• EXERCISE MATERIAL:
________________________
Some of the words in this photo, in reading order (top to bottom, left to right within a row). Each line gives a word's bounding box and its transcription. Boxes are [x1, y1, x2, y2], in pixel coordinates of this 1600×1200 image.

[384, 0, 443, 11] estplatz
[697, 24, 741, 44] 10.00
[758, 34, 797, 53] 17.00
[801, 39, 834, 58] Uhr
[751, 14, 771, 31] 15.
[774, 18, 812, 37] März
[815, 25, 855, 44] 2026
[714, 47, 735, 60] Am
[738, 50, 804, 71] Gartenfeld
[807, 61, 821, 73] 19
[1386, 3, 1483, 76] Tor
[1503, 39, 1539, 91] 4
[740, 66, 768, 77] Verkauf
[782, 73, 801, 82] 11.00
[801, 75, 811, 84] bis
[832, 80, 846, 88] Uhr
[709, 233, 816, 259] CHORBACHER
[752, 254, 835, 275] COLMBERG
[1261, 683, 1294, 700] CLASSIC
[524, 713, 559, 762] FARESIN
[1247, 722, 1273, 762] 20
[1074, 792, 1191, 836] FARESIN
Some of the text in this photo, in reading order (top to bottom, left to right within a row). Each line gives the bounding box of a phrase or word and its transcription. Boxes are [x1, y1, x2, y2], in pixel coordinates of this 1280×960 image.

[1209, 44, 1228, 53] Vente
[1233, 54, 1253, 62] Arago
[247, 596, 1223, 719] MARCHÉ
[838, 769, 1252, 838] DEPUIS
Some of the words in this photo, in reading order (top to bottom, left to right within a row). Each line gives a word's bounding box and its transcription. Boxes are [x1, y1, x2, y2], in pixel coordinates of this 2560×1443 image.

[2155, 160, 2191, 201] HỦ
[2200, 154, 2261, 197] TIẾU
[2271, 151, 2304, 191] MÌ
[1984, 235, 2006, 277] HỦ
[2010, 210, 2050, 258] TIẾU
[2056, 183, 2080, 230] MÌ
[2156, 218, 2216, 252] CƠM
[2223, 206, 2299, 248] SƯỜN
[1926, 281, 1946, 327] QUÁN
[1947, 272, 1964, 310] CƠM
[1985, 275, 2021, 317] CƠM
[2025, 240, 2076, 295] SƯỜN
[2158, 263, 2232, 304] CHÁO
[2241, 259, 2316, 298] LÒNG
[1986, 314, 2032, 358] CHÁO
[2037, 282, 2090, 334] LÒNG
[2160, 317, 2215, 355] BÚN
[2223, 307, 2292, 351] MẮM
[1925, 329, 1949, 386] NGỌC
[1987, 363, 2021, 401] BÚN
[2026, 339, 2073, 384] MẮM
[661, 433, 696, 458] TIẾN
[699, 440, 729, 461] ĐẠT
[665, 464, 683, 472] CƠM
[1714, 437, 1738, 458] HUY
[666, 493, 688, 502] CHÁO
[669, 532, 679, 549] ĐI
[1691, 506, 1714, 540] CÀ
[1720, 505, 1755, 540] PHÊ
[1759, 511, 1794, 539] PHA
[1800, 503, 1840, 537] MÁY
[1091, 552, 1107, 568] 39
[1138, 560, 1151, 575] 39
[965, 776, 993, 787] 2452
________________________
Whatever the number of entries above, each one is to be copied exactly.

• EXPECTED ANSWER:
Some of the words in this photo, in reading order (top to bottom, left to right within a row). Each line gives a word's bounding box and its transcription. Boxes are [x1, y1, x2, y2], in pixel coordinates of this 1600×1200 image.

[384, 0, 443, 11] estplatz
[697, 24, 741, 44] 10.00
[758, 34, 797, 53] 17.00
[801, 39, 834, 58] Uhr
[751, 14, 771, 31] 15.
[774, 18, 812, 37] März
[815, 25, 855, 44] 2026
[714, 47, 735, 60] Am
[738, 50, 804, 71] Gartenfeld
[807, 61, 821, 73] 19
[1386, 3, 1483, 76] Tor
[1503, 39, 1539, 91] 4
[740, 66, 768, 77] Verkauf
[782, 73, 801, 82] 11.00
[801, 75, 811, 84] bis
[832, 80, 846, 88] Uhr
[709, 233, 816, 259] CHORBACHER
[752, 254, 835, 275] COLMBERG
[1261, 683, 1294, 700] CLASSIC
[524, 713, 559, 762] FARESIN
[1247, 722, 1273, 762] 20
[1074, 792, 1191, 836] FARESIN
Some of the text in this photo, in reading order (top to bottom, left to right within a row). Each line gives the bounding box of a phrase or word and its transcription. Boxes are [x1, y1, x2, y2], in pixel coordinates of this 1280×960 image.

[1209, 44, 1228, 53] Vente
[1233, 54, 1253, 62] Arago
[247, 596, 1223, 719] MARCHÉ
[838, 769, 1252, 838] DEPUIS
Some of the words in this photo, in reading order (top to bottom, left to right within a row). Each line gives a word's bounding box and its transcription. Boxes are [x1, y1, x2, y2], in pixel coordinates of this 2560×1443 image.

[2155, 160, 2191, 201] HỦ
[2200, 154, 2261, 197] TIẾU
[2271, 151, 2304, 191] MÌ
[1984, 235, 2006, 277] HỦ
[2010, 210, 2050, 258] TIẾU
[2056, 183, 2080, 230] MÌ
[2156, 218, 2216, 252] CƠM
[2223, 206, 2299, 248] SƯỜN
[1926, 281, 1946, 327] QUÁN
[1947, 272, 1964, 310] CƠM
[1985, 275, 2021, 317] CƠM
[2025, 240, 2076, 295] SƯỜN
[2158, 263, 2232, 304] CHÁO
[2241, 259, 2316, 298] LÒNG
[1986, 314, 2032, 358] CHÁO
[2037, 282, 2090, 334] LÒNG
[2160, 317, 2215, 355] BÚN
[2223, 307, 2292, 351] MẮM
[1925, 329, 1949, 386] NGỌC
[1987, 363, 2021, 401] BÚN
[2026, 339, 2073, 384] MẮM
[661, 433, 696, 458] TIẾN
[699, 440, 729, 461] ĐẠT
[665, 464, 683, 472] CƠM
[1714, 437, 1738, 458] HUY
[666, 493, 688, 502] CHÁO
[669, 532, 679, 549] ĐI
[1691, 506, 1714, 540] CÀ
[1720, 505, 1755, 540] PHÊ
[1759, 511, 1794, 539] PHA
[1800, 503, 1840, 537] MÁY
[1091, 552, 1107, 568] 39
[1138, 560, 1151, 575] 39
[965, 776, 993, 787] 2452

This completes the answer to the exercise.